A young Syrian refugee suffering from a rare, life-threatening genetic disorder has received gene therapy that replaced 80% of his epidermis.
The skin replacement grown in a lab [Photo by CMR Unimore]
The young patient, who was just seven years old at the time, had escaped war-torn Syria with his parents and fled to Germany. However, the horrors of war must have taken a backseat to his rare illness, called junctional epidermolysis bullosa, which causes blisters to form on the sufferer’s body even with light touches. It’s an inherited disease, and its symptoms manifest from birth.
Unfortunately, the disease had hit the seven-year-old boy quite hard. Soon after he was admitted to a hospital in Germany in 2015, he lost most of his epidermis. Doctors tried grafting skin from the boy’s father, but the boy’s body rejected this.
This is where Michele De Luca, an Italian researcher who had used gene therapy to treat another patient with a similar disease, came in.
This skin replacement saved a young boy's life. [Photo by Frank Jacobsen/Ruhr-Universität Bochum]
“The prognosis was very poor,” said De Luca of the young boy with the potentially fatal condition. With most of skin gone, the boy’s life was in danger. “You simply can’t live without your epidermis.”
De Luca had received a small sample of the boy’s skin, taken from a spot on his body that wasn’t blistered. He describes the procedure in this paper. Along with his team, De Luca inserted a non-defective copy of the gene LAMB3 into the skin cells. A defective LAMB3 gene is what caused the boy’s disease in the first place. However, a non-defective copy may be what could save the boy’s life.

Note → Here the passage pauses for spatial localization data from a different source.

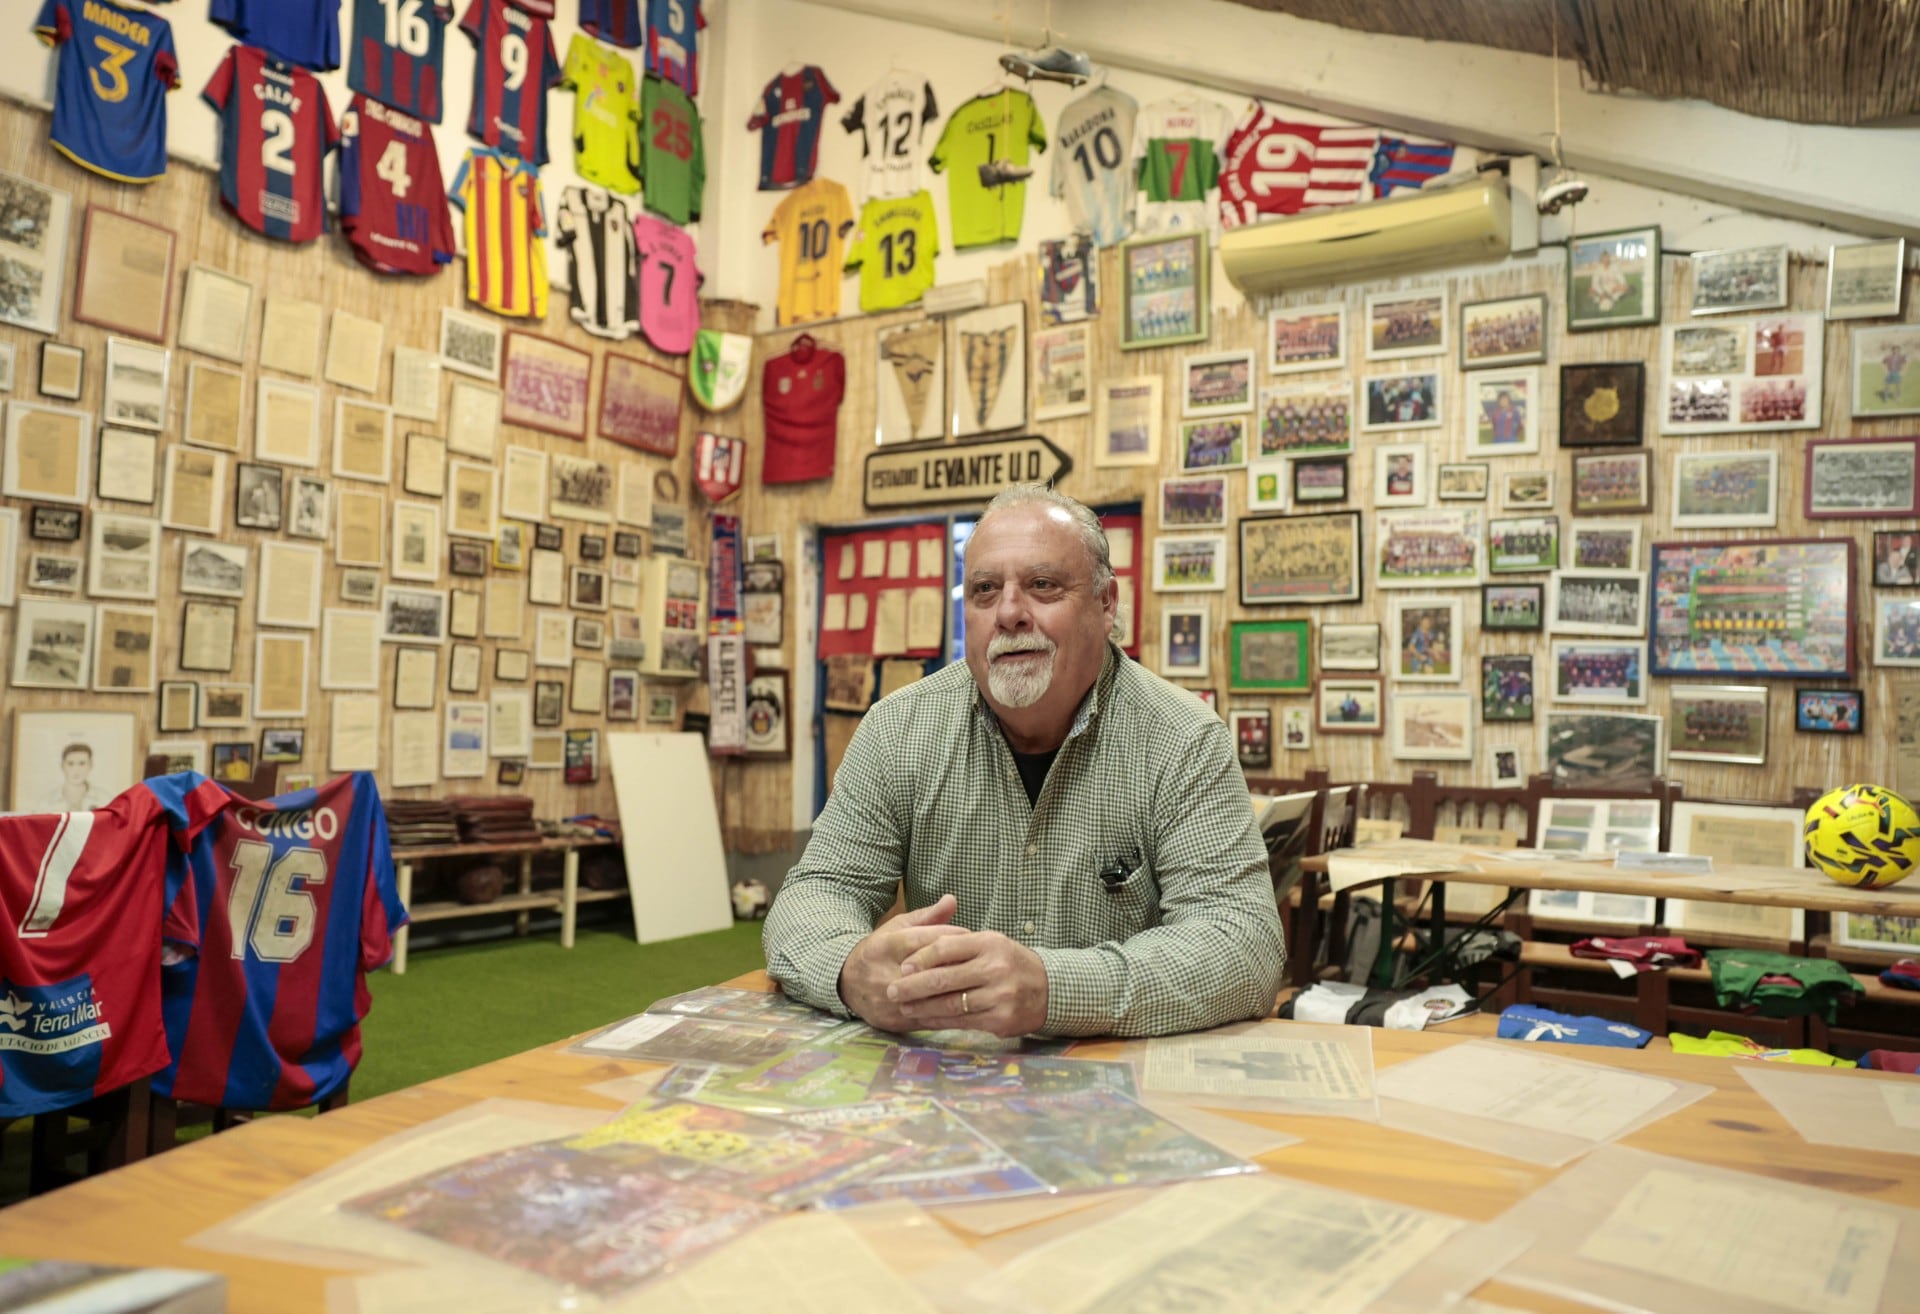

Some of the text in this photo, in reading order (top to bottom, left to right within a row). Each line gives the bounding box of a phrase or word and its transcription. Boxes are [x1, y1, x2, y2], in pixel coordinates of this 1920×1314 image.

[83, 1, 150, 47] MAIDER
[378, 0, 430, 57] 16
[89, 35, 136, 102] 3
[501, 33, 529, 91] 9
[260, 109, 296, 176] 2
[652, 110, 693, 162] 25
[878, 110, 913, 160] 12
[1073, 126, 1123, 182] 10
[376, 140, 412, 198] 4
[1164, 141, 1191, 200] 7
[800, 219, 830, 262] 10
[880, 229, 916, 279] 13
[658, 260, 676, 306] 7
[924, 454, 1003, 490] LEVANTE
[235, 806, 338, 841] CONGO
[228, 838, 328, 963] 16
[39, 987, 97, 1011] VALENCIA
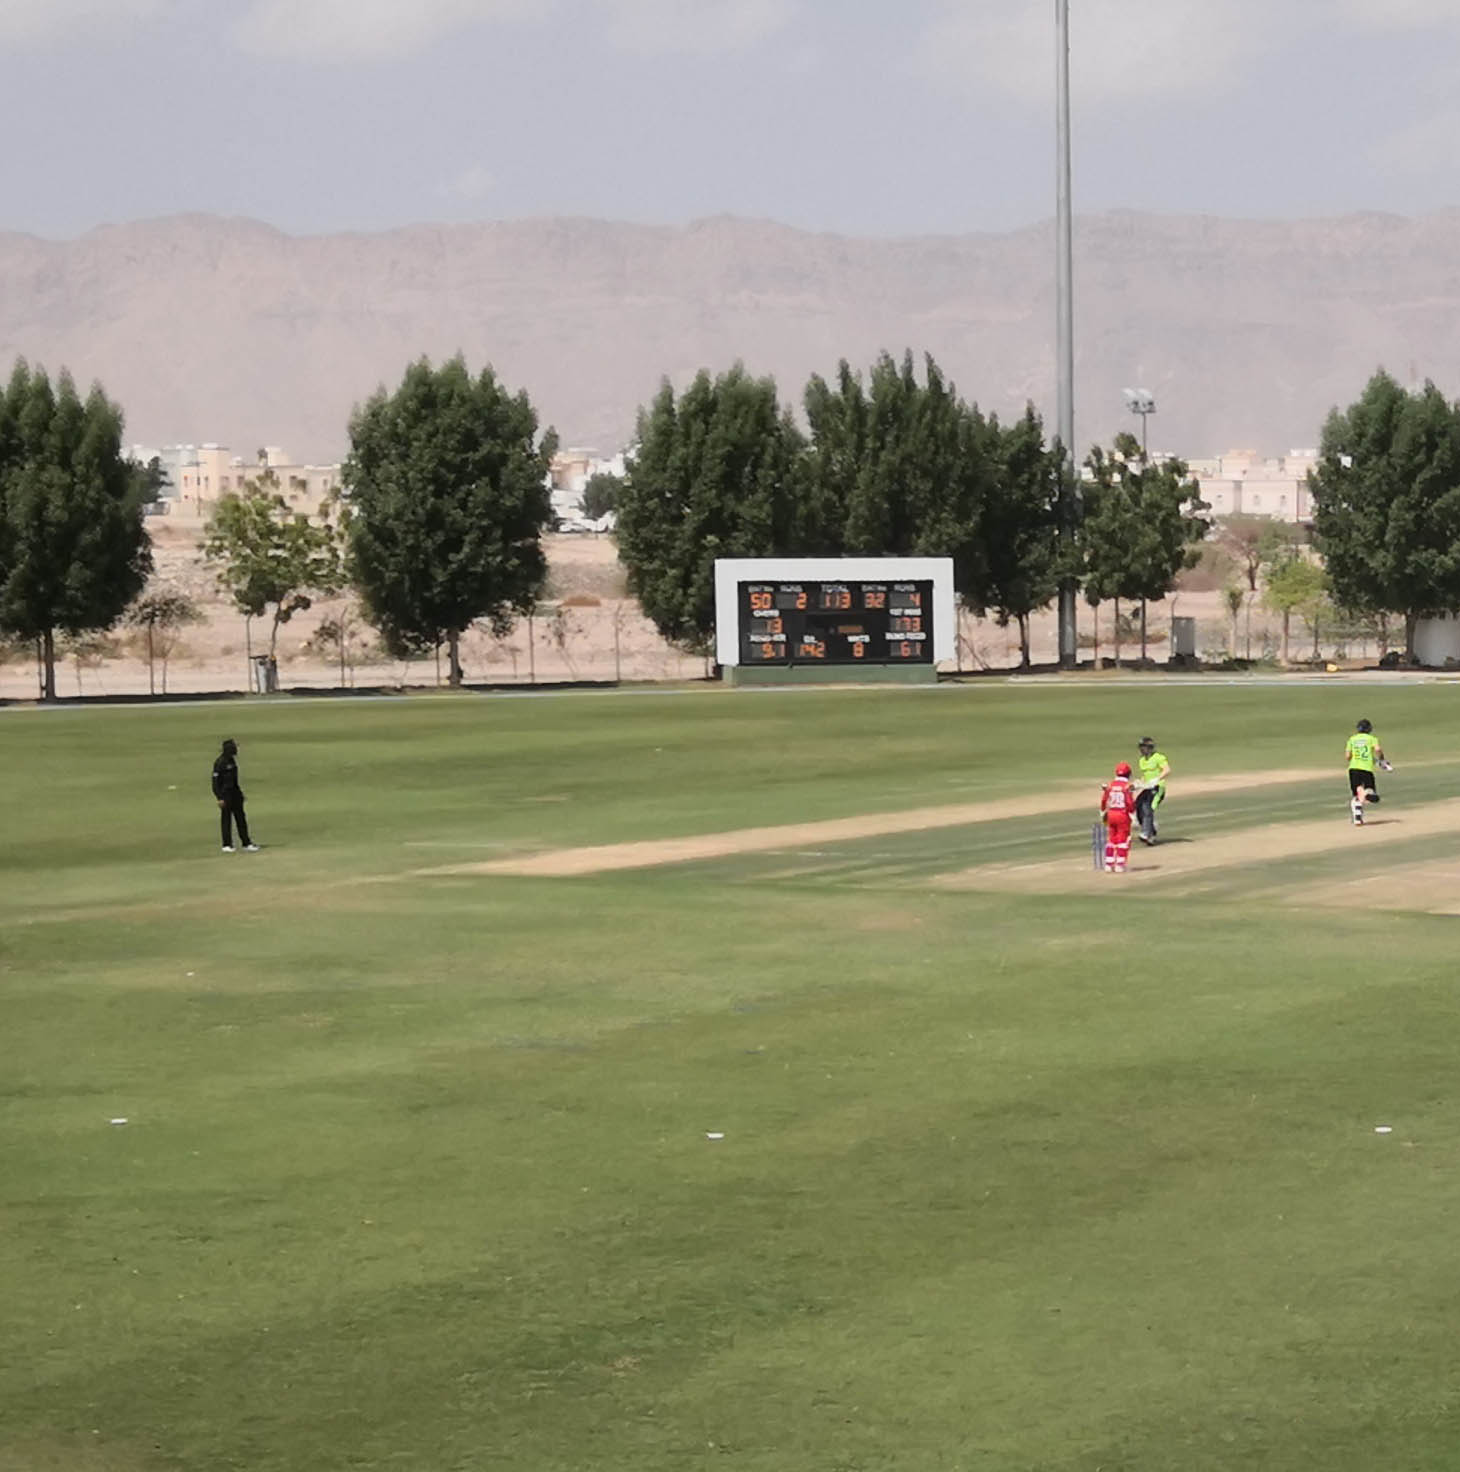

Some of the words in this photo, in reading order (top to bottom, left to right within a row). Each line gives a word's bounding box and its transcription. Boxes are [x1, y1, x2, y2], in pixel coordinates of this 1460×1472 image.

[750, 592, 772, 609] 50
[796, 592, 807, 609] 2
[825, 592, 851, 609] 113
[865, 592, 886, 608] 32
[909, 592, 921, 607] 4

In epidermolysis bullosa, each of the patient’s skin cells contains the genetic disorder that keeps them from growing healthy skin. Because of this, De Luca had to first grow healthy skin cells for the boy. The defective LAMB3 gene also made it easier for the boy to undergo gene therapy.
The researchers grew the skin cells over a scaffold in their lab, forming large sheets. They were able to use this replacement skin in two surgeries, which occurred in October and November 2015. Doctors were able to cover the boy’s sides, back, and limbs with this stronger, healthier skin. The boy, who before the surgery wasn’t even able to get out of bed due to his illness, “was standing up already by Christmas,” said De Luca. By February, the boy was released from the hospital.

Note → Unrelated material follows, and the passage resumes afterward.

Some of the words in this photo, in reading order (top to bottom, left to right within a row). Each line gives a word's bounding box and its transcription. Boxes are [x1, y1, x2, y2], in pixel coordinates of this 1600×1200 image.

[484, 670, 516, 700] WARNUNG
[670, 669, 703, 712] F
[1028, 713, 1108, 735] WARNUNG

The boy (pictured above), whose name has not been released, is now leading a normal life. [Photo by Ruhr-Universität Bochum/University of Modena and Reggio Emilia]
Now, the boy is nine years old and is reportedly leading as much of a normal life as a nine-year-old child can live. He apparently loves playing soccer and is quite the robust child.

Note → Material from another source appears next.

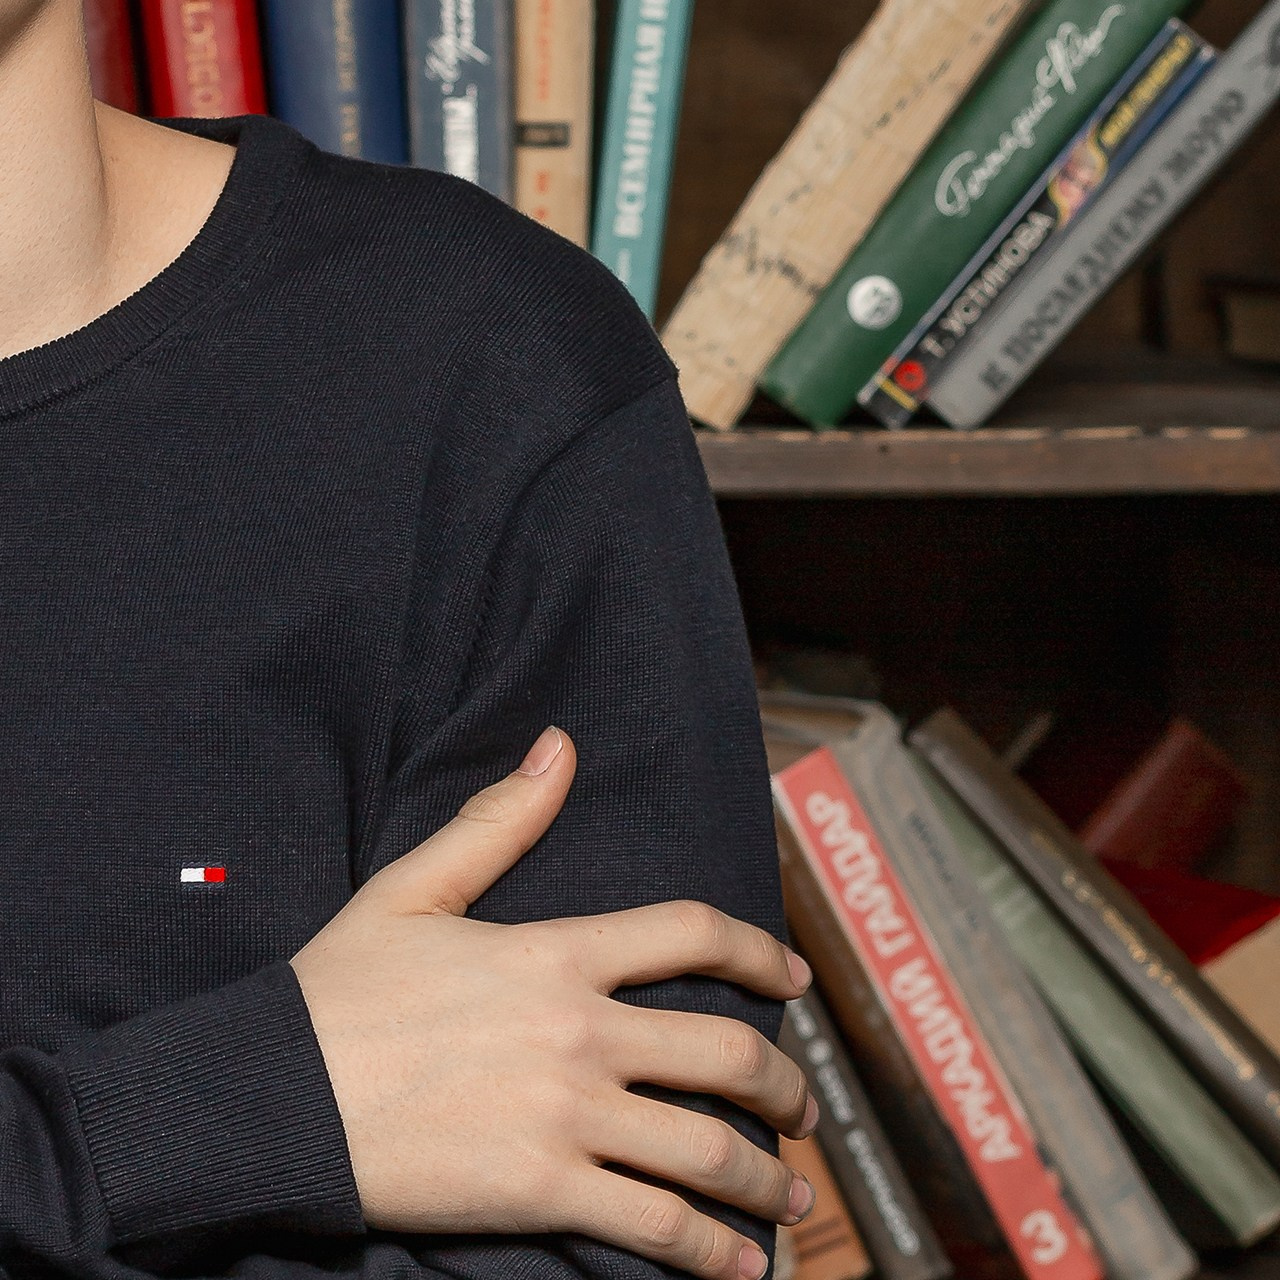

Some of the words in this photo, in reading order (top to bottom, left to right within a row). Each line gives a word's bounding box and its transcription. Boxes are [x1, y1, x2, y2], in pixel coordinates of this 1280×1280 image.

According to De Luca, the boy’s epidermis began to regenerate after the addition of new cells. This is evidence that just a few stem cells may be able to sustain the body’s entire epidermis. The skin replacement was also so successful that it doesn’t itch, and it also doesn’t need sustained treatment. The boy won’t need to regularly put ointment on his skin, unlike burn patients. He can also heal normally from cuts and bruises.
The patient with a similar condition that De Luca treated 12 years prior to the little boy is still reportedly doing well. Thus, De Luca thinks that the boy’s treatment may remain effective in the long term.